Son « héritage » personnel, en l’occurrence les bons conseils d’une maman comptable et d’un papa DRH, lui permet de réaliser une gestion raisonnée des revenus de son activité. Cependant, elle me dit entendre souvent la confusion de bon nombre de ses collègues face aux subtilités administratives parfois à décoder à partir de minuscules astérisques : « sous réserve de ». Entre autres anecdotes, elle me raconte qu’une de ses collègues a préféré ne pas réclamer un « trop versé » à la Sécurité sociale, et du coup aux impôts, pour éviter de remplir les formulaires inhérents à la réclamation. Élodie elle-même a dû rendre, post-COVID, une aide versée par la Sécurité sociale parce que son calcul avait était refait à posteriori.  .
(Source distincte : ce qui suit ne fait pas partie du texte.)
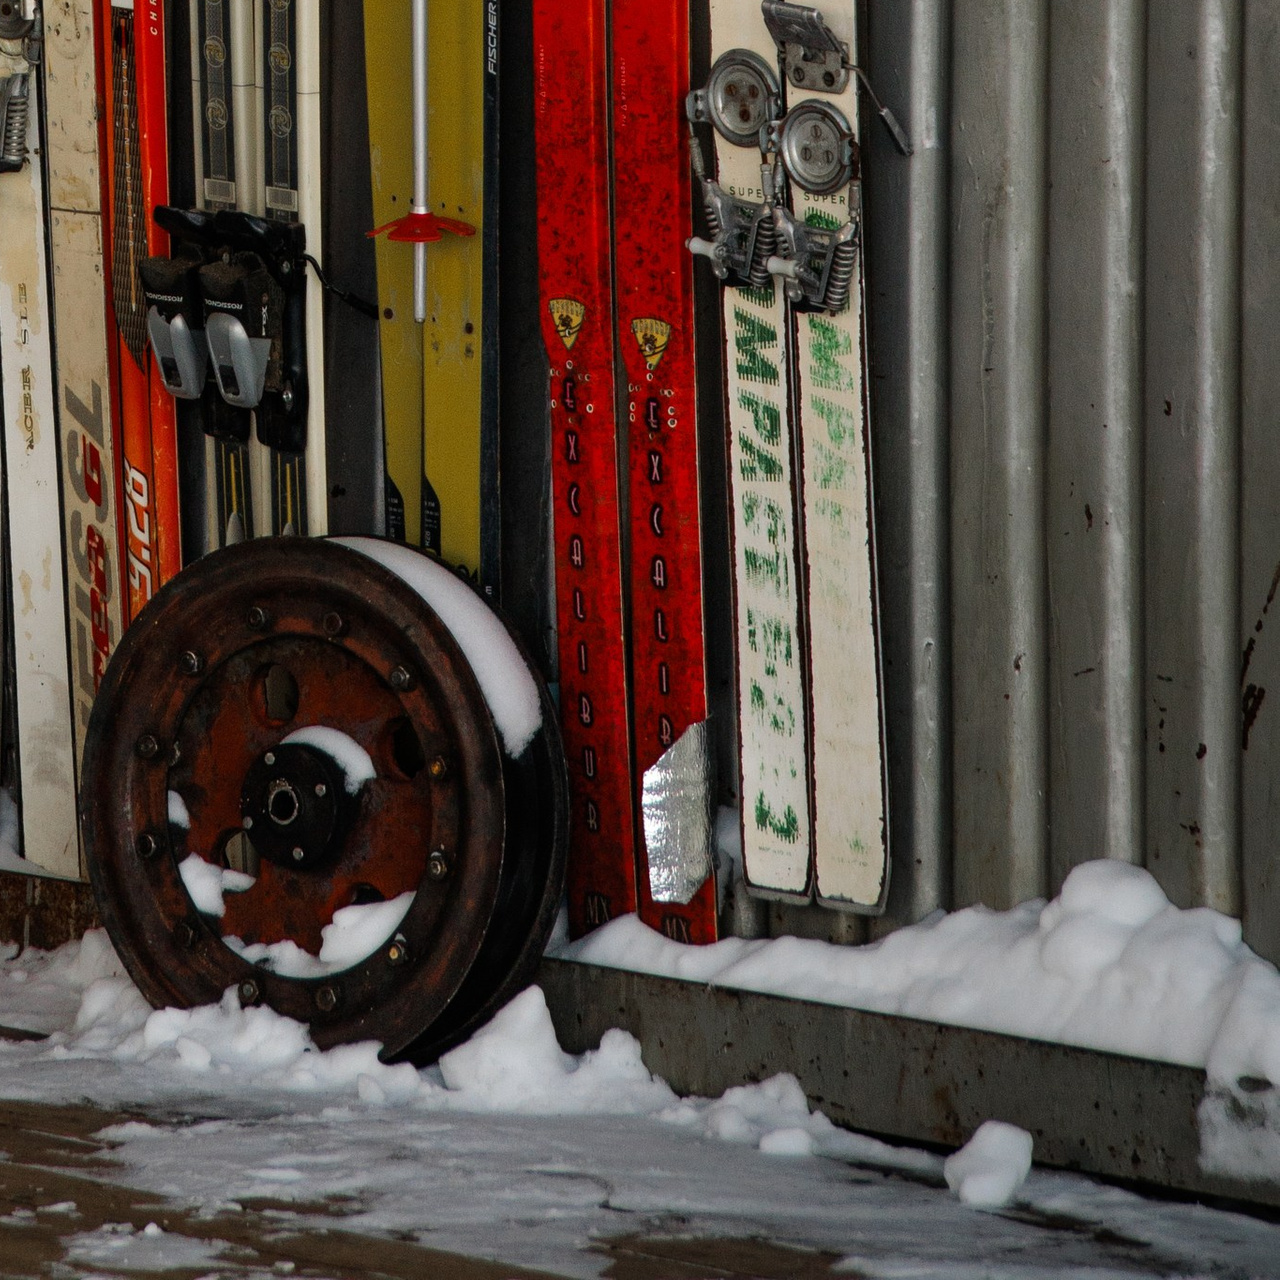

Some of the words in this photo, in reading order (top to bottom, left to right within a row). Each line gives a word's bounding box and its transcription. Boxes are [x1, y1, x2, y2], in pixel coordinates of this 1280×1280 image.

Mais pour Élodie : « la liberté n’a pas de prix ». Elle ne regrette pas d’avoir créé son métier, avec sa personne et avec ses mains. Le travail pour elle se confond avec « un chemin de vie, une source d’apprentissage quotidien et d’épanouissement personnel ». 

Dans son cas, l’attention est portée sur la qualité du soin qu’elle offre selon un planning qu’elle gère, non sur l’enchaînement d’un nombre suffisant, c’est-à-dire rentable, de clients ou sur la réponse toujours incertaine de la hiérarchie sur l’autorisation des dates de congés. 

Bien que la bascule du métier vers l’incertitude financière reste périlleuse, en ce qu’elle demande de passer du « remboursé » au « non remboursé », le kiné demeure un praticien libre et mobile qui ne se laisse pas enfermer dans des barrières financières mentales.

Selon elle, le statut d’indépendant correspond au profil du kiné vu généralement dans la profession comme un « oiseau voyageur ».  Élodie est donc un oiseau voyageur, mais un oiseau rigoureux et délicat qui accueille dans un nid serein. À tite paille, tite paille la santé va planer.